Members are from all walks of life – journalists, academics, engineers, activists, private company employees and more – resulting in lively intellectual exchanges on various book topics, often about societal issues gripping Indonesia.

“We still develop ourselves during this difficult time, learn new things, get smarter and motivate each other in whatever line of work we do,” he says. The meetings remind him of what matters most in life, he adds.

US actress Demi Moore formed a book club during lockdown. Photo: Instagram/@demimoore
The popularity of book clubs is a global trend, and new clubs have popped up to help people cope during this crisis.

Celebrities are driving the trend. American actress Demi Moore, when in quarantine with her family in California, formed a book club, with everyone reading Laura Day’s How to Rule the World From Your Couch, according to her social media.

In Hong Kong, Angela Watkins, a counsellor and psychologist at the Red Door practice in Central, runs the “Co-Read-19” fortnightly book club to help attendees manage their stress.

Jasmin Fong Ting is a counselling psychologist at the Harmony Holistic Psychotherapy Centre in Yau Ma Tei.
Jasmin Fong Ting, a counselling psychologist at the Harmony Holistic Psychotherapy Centre in Yau Ma Tei, Hong Kong says reading can be cathartic. “Much research has tried to understand how reading books has therapeutic value, but results have not been conclusive,” she says. Readers may be swept up in the emotions the story elicits, developing empathy for characters and discovering insights useful to their life.

Fong says connecting with others is important for our mental health in times of stress and uncertainty, and book clubs serve that purpose.

“Research [in 2010 by Harvard University psychologists] Matthew Killingsworth and Daniel Gilbert suggests that our mind wanders around 46.9 per cent of the time. This wandering can lead to continuously thinking negative thoughts … that could affect our well-being. So activities like meditation or reading allow us to get our attention back to stay in focus,” she explains.

The Baca Rasa Dengar book club meeting on Zoom. Photo: Pratiwi Juliani

“Connecting to others, even online, can create positive experiences and help release oxytocin, a good brain chemical that makes you happy and reduces stress levels,” Fong says.

Partogi has been reading three books a week since March, up from just one or two. “By immersing myself in books, I feel less anxious than I do when I scroll on various social media accounts, for instance. Reading is good for my mental health,” he says.

Partogi isn’t surprised many others are getting lost in literature now. “You create a theatre in your mind, you’re free to imagine what you want,” he says.

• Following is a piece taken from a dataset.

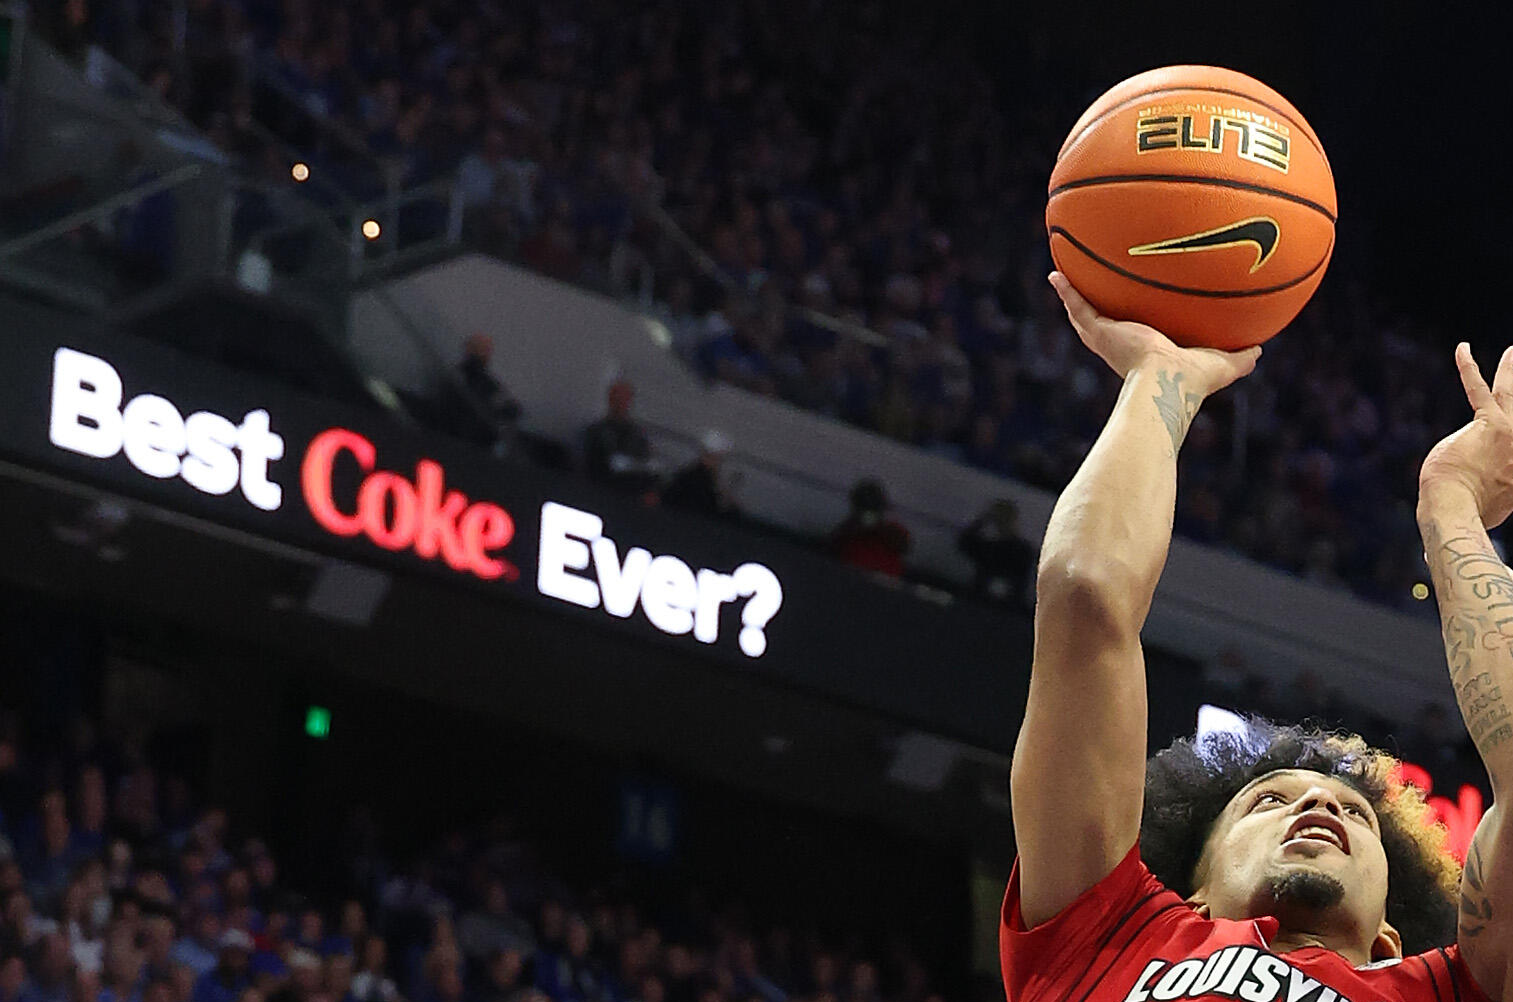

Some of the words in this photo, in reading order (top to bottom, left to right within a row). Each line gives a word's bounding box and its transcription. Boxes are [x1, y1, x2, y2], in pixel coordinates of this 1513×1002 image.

[48, 346, 284, 511] Best
[301, 428, 519, 582] Coke
[537, 501, 784, 657] Ever?

He cites The Child That Books Built, an autobiographical work by Francis Spufford about a boy who found comfort in books to cope with the grief of losing a sibling. Partogi has escaped into books to cope with his struggles since being bullied as a youth.

 

“Many people [turn to] books that can give them a sense of common humanity,” he says.

Partogi is convinced the love of books and book clubs will continue after lockdown measures ease, since reading is good not only for members’ mental health, but also for their bank balances.

“I believe even after the quarantine period is over, my book club members will take some austerity measures,” he says, spending less time and money shopping and for entertainment. “I believe – since all of us are natural-born bookworms – we will allocate more time for reading, and not only reading the books we bought during the quarantine.”